Because expat kids are different - and we did that to them, with our emphasis on making the most of our opportunities.  I wouldn't change a thing about our six years away, and I know that it was the right thing for our family at the time - but it comes at a price.  We returning parents might not like to dwell on that as we congratulate ourselves on finding the right house, in the right location, close to the right school, and put all the pieces of the jigsaw in place to try and facilitate a smooth re-entry, but it's true.

Children who have lived in a culture not their own have had a wealth of experiences that - for all their richness and diversity - set them apart from their new classmates who have attended the same school all their lives.  The passing references that our kids make to trips to this place or that, to this winter activity or that summer camp, to the parties in the sun with live tigers and bears as entertainment (no, really), or climbing walls in friends' back gardens, none of that resonates with the children that we - their parents - are hoping they will make friends with now they are Back Home.

Some kids pick up on this quickly and learn to keep their past history to themselves.  They drop the accent, get with the programme, only ever refer to their previous lives when they are with people who will 'understand'.  I hate to see it happen, but that's how it works - if you want to make friends.  They can share their stories later, once the foundations of these new relationships are established and the pressure's off.

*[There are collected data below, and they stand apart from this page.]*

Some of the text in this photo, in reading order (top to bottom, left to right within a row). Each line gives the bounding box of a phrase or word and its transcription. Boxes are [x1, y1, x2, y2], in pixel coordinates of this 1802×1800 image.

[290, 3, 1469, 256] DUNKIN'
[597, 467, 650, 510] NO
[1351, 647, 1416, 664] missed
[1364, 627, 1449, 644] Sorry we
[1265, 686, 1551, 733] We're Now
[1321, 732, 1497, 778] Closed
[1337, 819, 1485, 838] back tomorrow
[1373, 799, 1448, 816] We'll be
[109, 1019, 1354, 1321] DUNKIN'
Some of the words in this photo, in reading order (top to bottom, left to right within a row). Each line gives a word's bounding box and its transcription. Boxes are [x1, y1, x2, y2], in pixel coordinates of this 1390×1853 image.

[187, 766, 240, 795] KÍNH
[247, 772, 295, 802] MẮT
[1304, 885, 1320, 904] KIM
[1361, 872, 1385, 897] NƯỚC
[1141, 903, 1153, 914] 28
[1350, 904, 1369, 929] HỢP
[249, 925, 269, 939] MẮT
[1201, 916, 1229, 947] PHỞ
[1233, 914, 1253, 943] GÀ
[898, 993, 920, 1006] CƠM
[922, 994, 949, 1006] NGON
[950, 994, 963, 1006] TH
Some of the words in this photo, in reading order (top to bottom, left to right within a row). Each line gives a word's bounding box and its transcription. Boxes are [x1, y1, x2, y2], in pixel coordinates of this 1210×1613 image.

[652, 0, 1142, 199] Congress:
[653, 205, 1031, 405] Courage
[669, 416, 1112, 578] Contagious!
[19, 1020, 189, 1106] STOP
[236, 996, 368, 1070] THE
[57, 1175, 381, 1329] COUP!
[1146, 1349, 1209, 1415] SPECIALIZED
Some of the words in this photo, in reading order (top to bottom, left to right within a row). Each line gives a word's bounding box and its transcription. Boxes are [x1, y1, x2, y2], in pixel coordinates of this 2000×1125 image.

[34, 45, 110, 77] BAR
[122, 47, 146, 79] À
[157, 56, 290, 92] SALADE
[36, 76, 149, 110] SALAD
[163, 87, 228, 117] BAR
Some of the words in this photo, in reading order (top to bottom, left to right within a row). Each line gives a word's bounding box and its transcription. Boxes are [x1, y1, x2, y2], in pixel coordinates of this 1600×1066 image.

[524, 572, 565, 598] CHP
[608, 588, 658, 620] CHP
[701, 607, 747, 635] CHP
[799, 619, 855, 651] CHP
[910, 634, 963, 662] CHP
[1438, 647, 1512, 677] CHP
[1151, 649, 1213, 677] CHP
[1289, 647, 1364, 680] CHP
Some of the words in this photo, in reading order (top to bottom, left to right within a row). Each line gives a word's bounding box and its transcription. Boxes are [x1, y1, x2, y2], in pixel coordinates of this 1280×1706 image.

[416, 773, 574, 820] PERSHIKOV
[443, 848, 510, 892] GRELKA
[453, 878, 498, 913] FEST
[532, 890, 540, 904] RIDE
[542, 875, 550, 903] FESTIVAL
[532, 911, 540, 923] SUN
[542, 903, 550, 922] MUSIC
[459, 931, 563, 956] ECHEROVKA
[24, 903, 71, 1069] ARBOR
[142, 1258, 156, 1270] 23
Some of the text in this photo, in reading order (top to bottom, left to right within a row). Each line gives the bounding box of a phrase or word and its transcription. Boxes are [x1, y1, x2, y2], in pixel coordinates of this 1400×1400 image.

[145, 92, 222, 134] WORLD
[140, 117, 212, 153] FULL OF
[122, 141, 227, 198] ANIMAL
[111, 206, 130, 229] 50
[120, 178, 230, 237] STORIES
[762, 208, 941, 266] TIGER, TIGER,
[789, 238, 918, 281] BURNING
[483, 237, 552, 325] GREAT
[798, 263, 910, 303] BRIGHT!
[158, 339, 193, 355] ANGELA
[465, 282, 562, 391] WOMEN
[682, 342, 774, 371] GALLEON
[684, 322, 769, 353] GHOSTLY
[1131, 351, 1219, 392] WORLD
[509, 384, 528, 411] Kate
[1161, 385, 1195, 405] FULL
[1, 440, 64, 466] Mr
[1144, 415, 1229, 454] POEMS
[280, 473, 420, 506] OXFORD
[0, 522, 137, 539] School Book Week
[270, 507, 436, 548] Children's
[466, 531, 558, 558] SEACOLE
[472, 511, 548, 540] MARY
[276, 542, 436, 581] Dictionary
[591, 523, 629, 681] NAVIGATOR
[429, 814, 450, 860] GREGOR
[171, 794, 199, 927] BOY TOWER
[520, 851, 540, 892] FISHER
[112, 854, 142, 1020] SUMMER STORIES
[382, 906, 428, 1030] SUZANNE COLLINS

Other children?  They find the whole thing more complicated.  Why should they not talk about that sailing trip on blue seas, or the overnight train journey across frozen wastes?  Why can they not share their tales of flying to the other side of the world to catch up with best friends, and the volcanoes and natural wonders they encountered there?  They can't understand it - these are fascinating stories, don't their new friends want to hear about them?

No.  Actually, they don't.  The child who doesn't toe the party line on accepting oft-parroted truisms about other countries, or who professes too much knowledge of business class seating (even if it's only gleaned from walking past it on their way to the back of the plane, as in our case), or the child who excitedly chips in that yes, they have been to that once-in-lifetime holiday destination - twice - and isn't it amazing, did you swim on the reef whilst you were there, and how about the horrible porridge that they served for breakfast... they are labelled as show-offs.  Different.  Weird.  They don't fit.

So as a parent, when you hear your child starting to regale their new friends with another of the 'Greatest Hits of My Expat Life' you find yourself desperately signalling to them with your eyebrows to keep that story for another time, or butting in and changing the subject, or serving dinner earlier than you planned, or - heaven forbid - switching on the X-box to provide a distraction.  You're trying to throw them a life-belt, even if they don't see that.

And then there are times you find yourself pulling your child out from underneath their bed in the morning because they don't want to go into school (at least at home, they reason, they won't have to think before they speak).  Or sitting outside the loo that your child has locked themselves in because they can't face whatever activity it is that you've lined up for them to help them meet new friends and which you just know they're going to enjoy, if they would only undo that bolt and come outside...

Not all returning expat kids go through this, of course.  And for those that do, I'm told that it gets better, with time. But whilst they're in the thick of it, it can be - well, difficult.  For them, and everyone else in the family.

Yes, these are problems grounded in what I know are First World issues.  And unfortunately, other than being there to provide support and a listening ear - and all the other coping strategies the literature on this recommends - I don't have an easy answer on how to handle it.  But when your child is hurting, sometimes it helps to know that other families have been through it too. Which is why, against my better instincts (of course we're fine!  Everything's going swimmingly!), I'm sharing this here.

We're not all fine.  But we're managing.  And we're getting there.


Tuesday, 12 January 2016

Re-acclimatisation milestones for Expats

I think that this 'saying goodbye to our life in Russia' thing is getting a little bit out of hand.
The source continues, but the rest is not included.